Brad Wilcox gave a talk to the LDS youth in Alpine, Utah, in February 2022. I suppose it’s another sign of things not going perfectly in the church. Or maybe I should say things are going well for anyone re-thinking blind obedience to religion. The news media picked up on the racist remarks of his talk. But it goes much deeper if you were raised in the LDS church or if you have youth in the church today.

So what did I find disturbing with the talk? I watched some of the video, but I couldn’t sit through all of it. So, I got the transcript to read.

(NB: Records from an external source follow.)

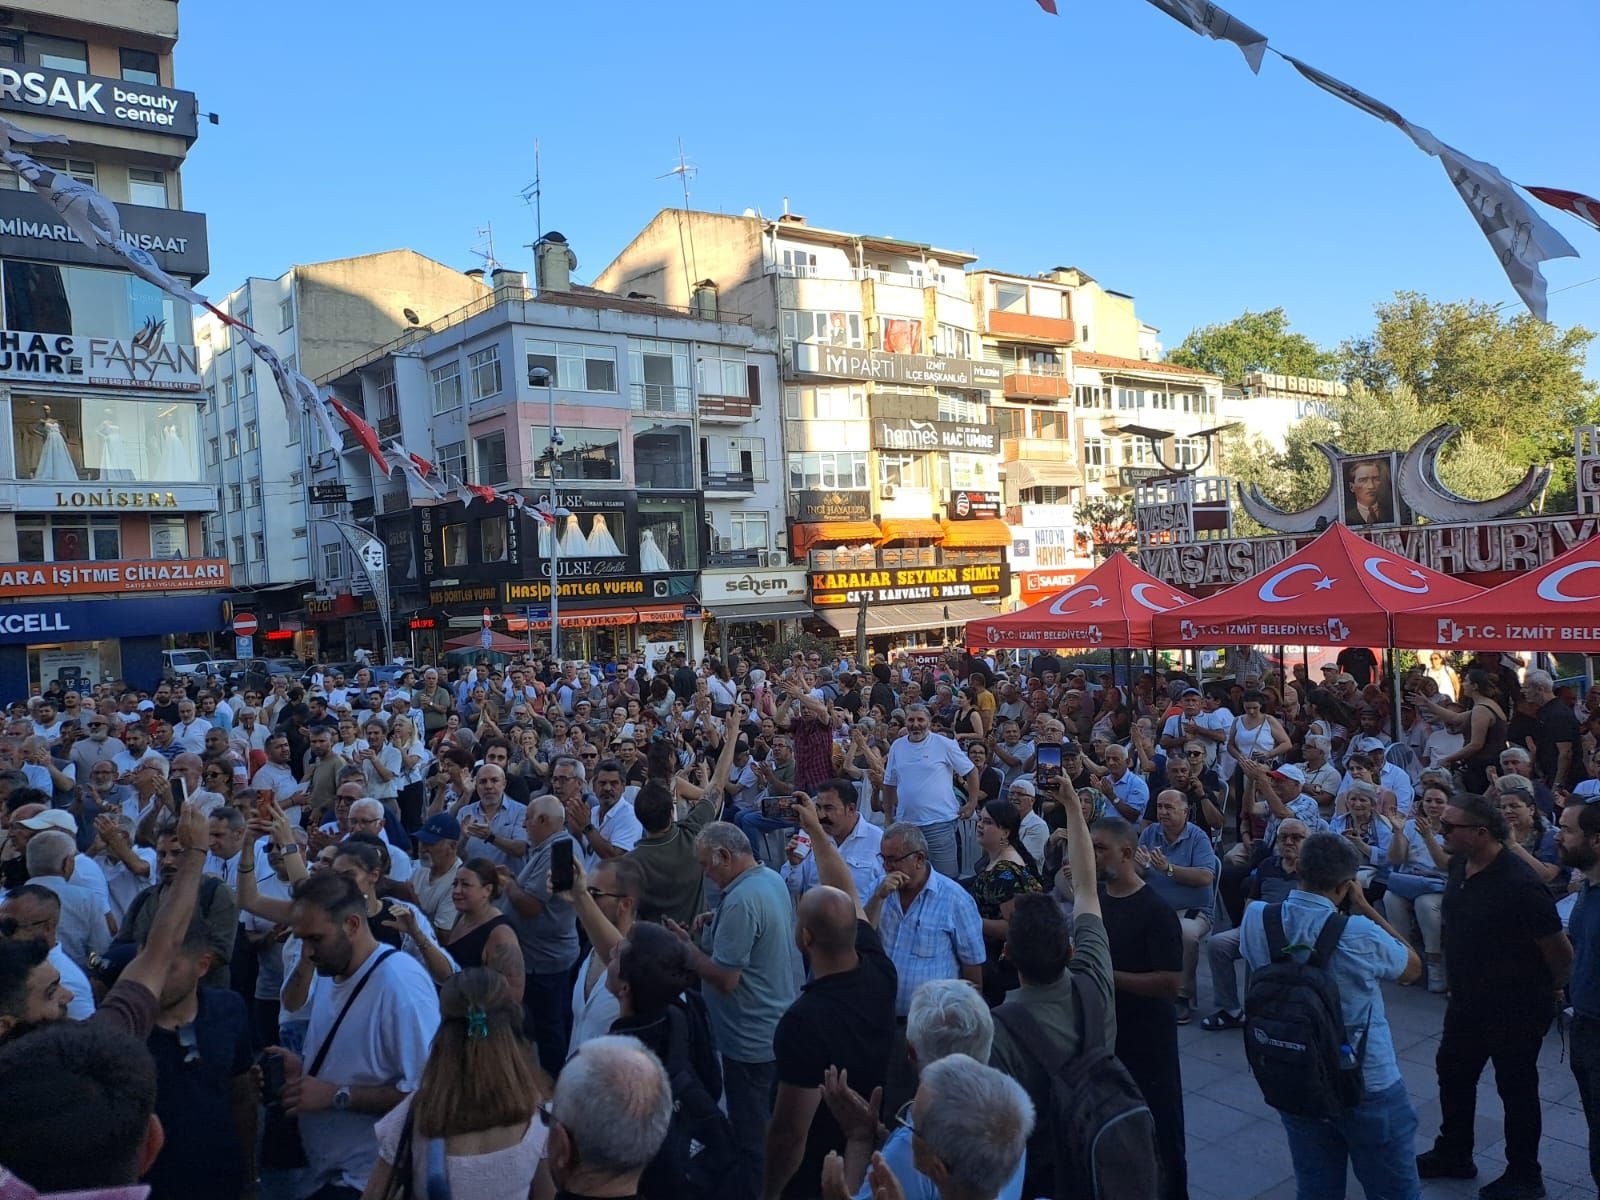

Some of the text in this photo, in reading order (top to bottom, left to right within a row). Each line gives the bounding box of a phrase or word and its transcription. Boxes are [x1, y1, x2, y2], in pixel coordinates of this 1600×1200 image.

[113, 87, 178, 113] beauty
[115, 105, 175, 126] center
[0, 217, 98, 246] MİMARL
[120, 229, 188, 254] İNŞAAT
[0, 331, 74, 355] HAC
[90, 338, 200, 381] FARAN
[826, 348, 895, 379] İYİ PARTİ
[925, 358, 946, 371] İZMİT
[905, 367, 923, 382] İLÇE
[923, 371, 968, 384] BAŞKANLIĞI
[942, 431, 994, 448] HAC UMRE
[56, 488, 178, 508] LONİSERA
[1035, 529, 1065, 545] NATO'YA
[1360, 518, 1596, 575] MHURİY
[1036, 545, 1066, 566] HAYIR!
[53, 566, 120, 587] İŞİTME
[124, 564, 225, 582] CİHAZLARI
[812, 564, 1001, 590] KARALAR SEYMEN SİMİT
[1039, 574, 1077, 588] SAADET
[511, 584, 538, 598] HAS
[603, 580, 644, 595] YUFKA
[879, 587, 930, 601] KAHVALTI
[932, 586, 939, 597] &
[942, 585, 971, 597] PASTA
[1000, 630, 1018, 640] T.C.
[1198, 625, 1224, 635] T.C.
[1260, 622, 1328, 636] BELEDİYESİ
[1465, 625, 1501, 639] T.C.
[1506, 624, 1555, 640] İZMİT

From the get-go, Wilcox is scripting the youth — telling them what to think, what to do, what they will want to do, and how they will feel if they do these things. That, for one thing, is a red flag for me. That is what I call scripting (similar to leading the witness) — and that in itself is dangerous rhetoric to throw out to youth or anyone. Some LDS youth and parents will feel rebellious and not want to be told how to feel, but some will feel guilty if they disagree. All around, it’s a failure of a message.

You’re going to have a blast. You’re going to have fun times. You’re going to dance together, you’re going to play games together out on the field, you’re going to have a big talent show. Jackson is going to be performing, and all the women are going to love him. And you’re just going to have a great time with lots of fun…

And you’re going to see this difference that this can make this summer, and you’re going to be part of it. And you’re going to be able to tell your great grandkids, “I was part of the very first FSY that they did in North America”, and all your grandkids are going to go, “oh, my gosh, Grandma, you are so cool”, “grandpa, you are so cool”, and they’re going to be very impressed that you are part of making history. (transcript.)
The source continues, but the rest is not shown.